- WORK TO COMPLETE
Only the text is wanted; write out each record below exactly and exclude all pictures.
^^^^^^^^
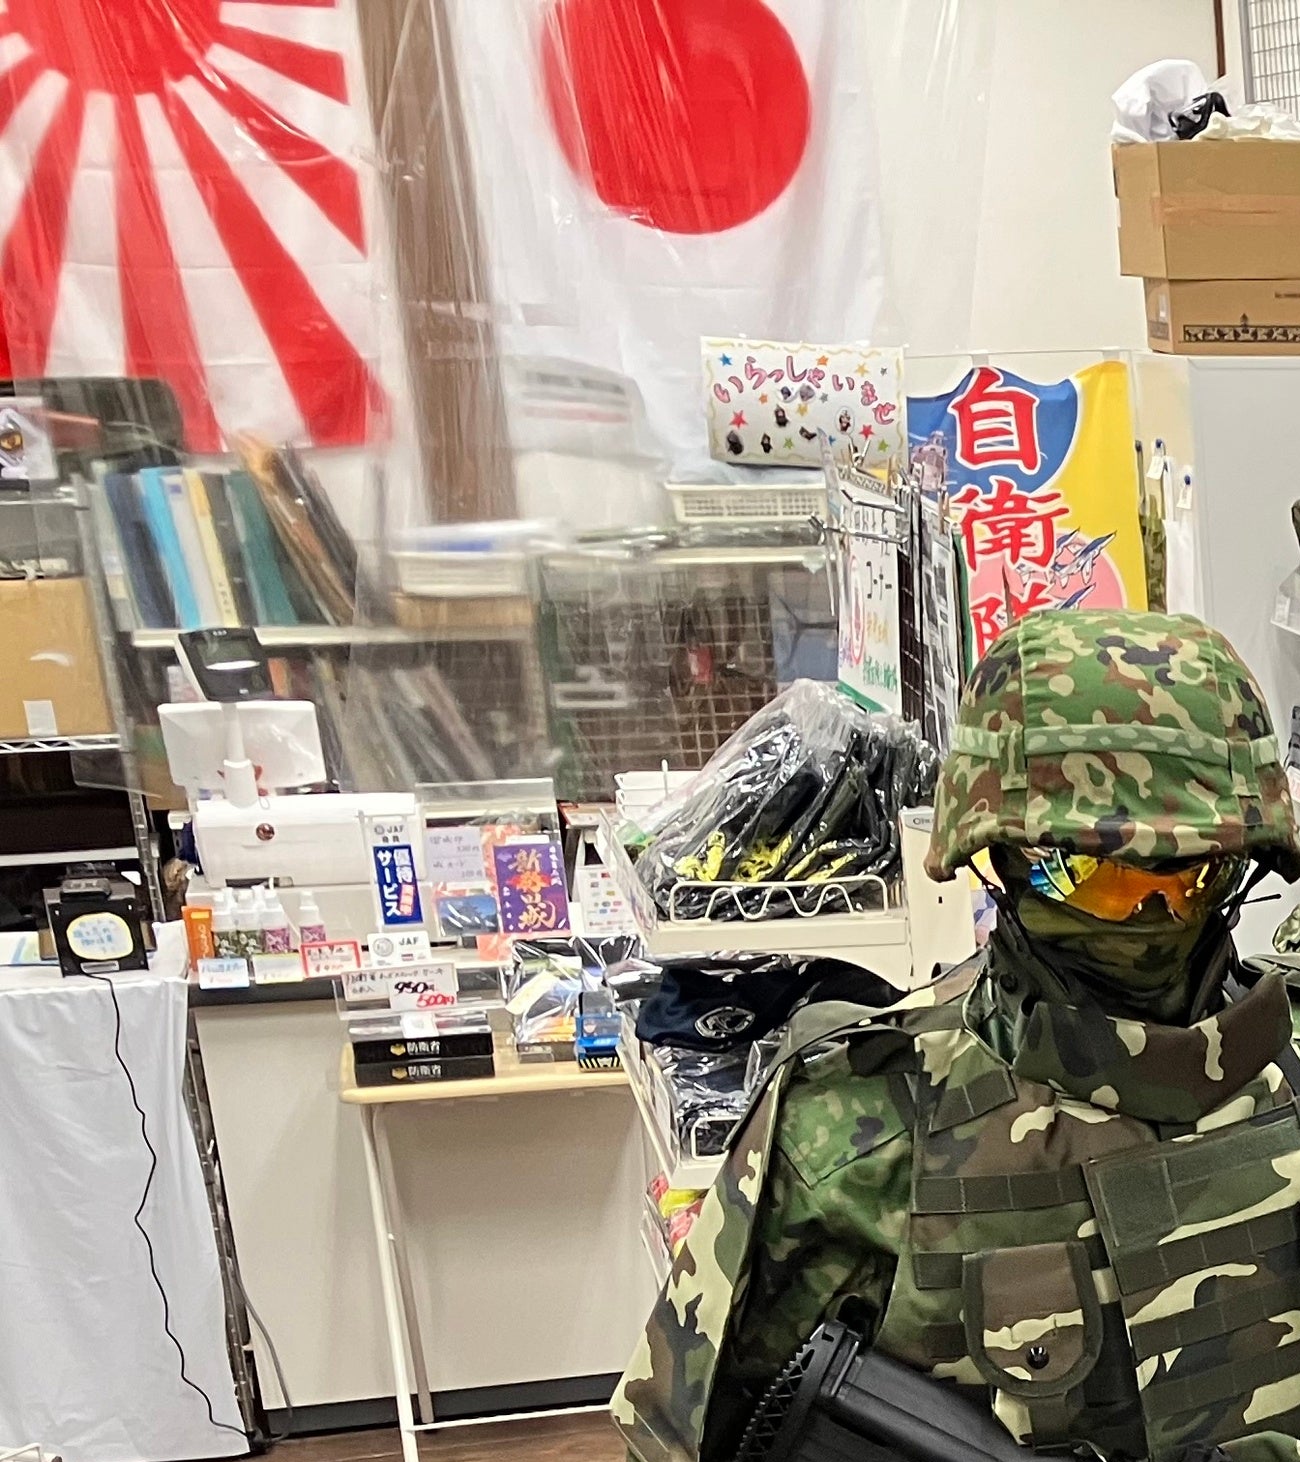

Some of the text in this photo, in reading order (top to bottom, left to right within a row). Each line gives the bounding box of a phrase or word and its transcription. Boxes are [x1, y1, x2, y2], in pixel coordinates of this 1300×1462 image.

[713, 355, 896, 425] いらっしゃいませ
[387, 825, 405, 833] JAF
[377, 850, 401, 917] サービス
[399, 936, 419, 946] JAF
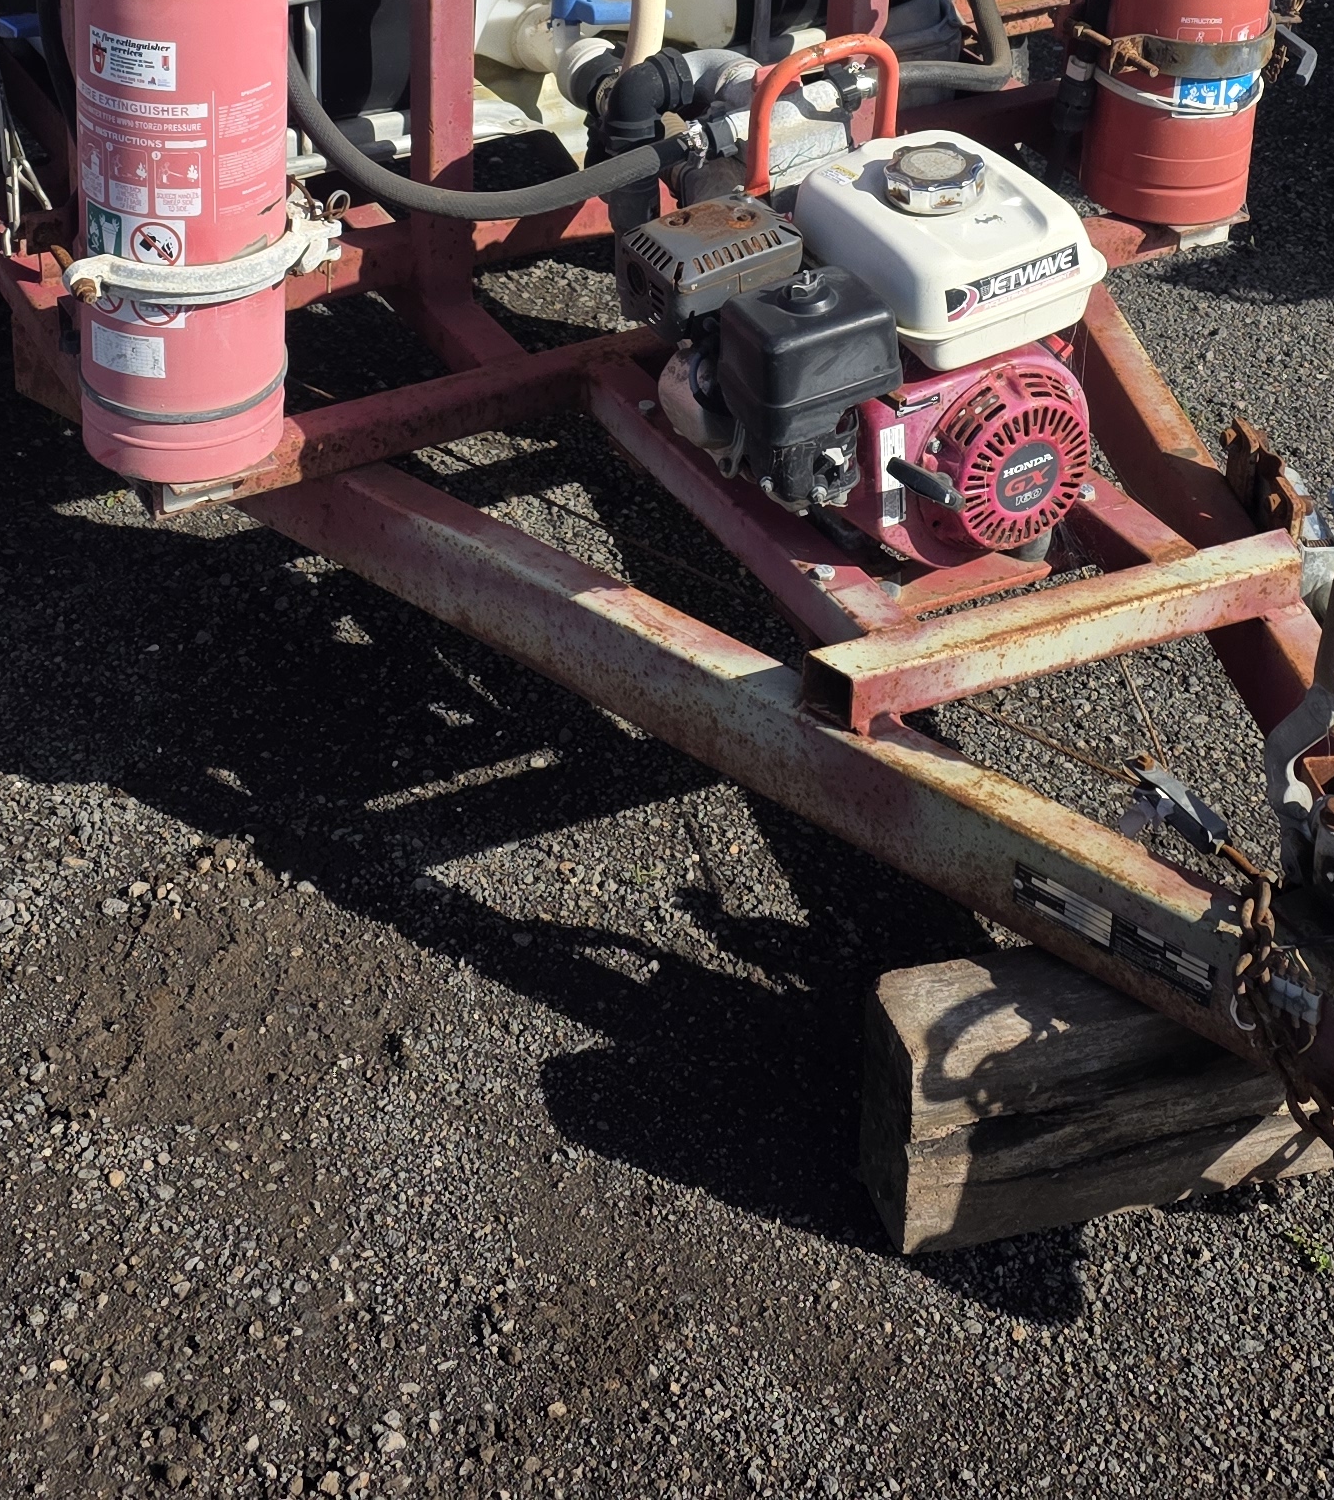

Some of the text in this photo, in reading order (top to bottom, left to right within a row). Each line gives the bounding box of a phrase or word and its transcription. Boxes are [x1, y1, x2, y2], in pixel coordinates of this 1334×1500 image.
^^^^^^^^
- SOLUTION
Some of the text in this photo, in reading order (top to bottom, left to right within a row). Each line gives the bounding box of a phrase or word and its transcription. Boxes are [x1, y1, x2, y2], in pixel coordinates of this 1300×1462 image.

[713, 355, 896, 425] いらっしゃいませ
[387, 825, 405, 833] JAF
[377, 850, 401, 917] サービス
[399, 936, 419, 946] JAF

Some of the text in this photo, in reading order (top to bottom, left to right within a row). Each line gives the bounding box of a phrase or word and its transcription. Boxes are [x1, y1, x2, y2], in pixel coordinates of this 1334×1500 image.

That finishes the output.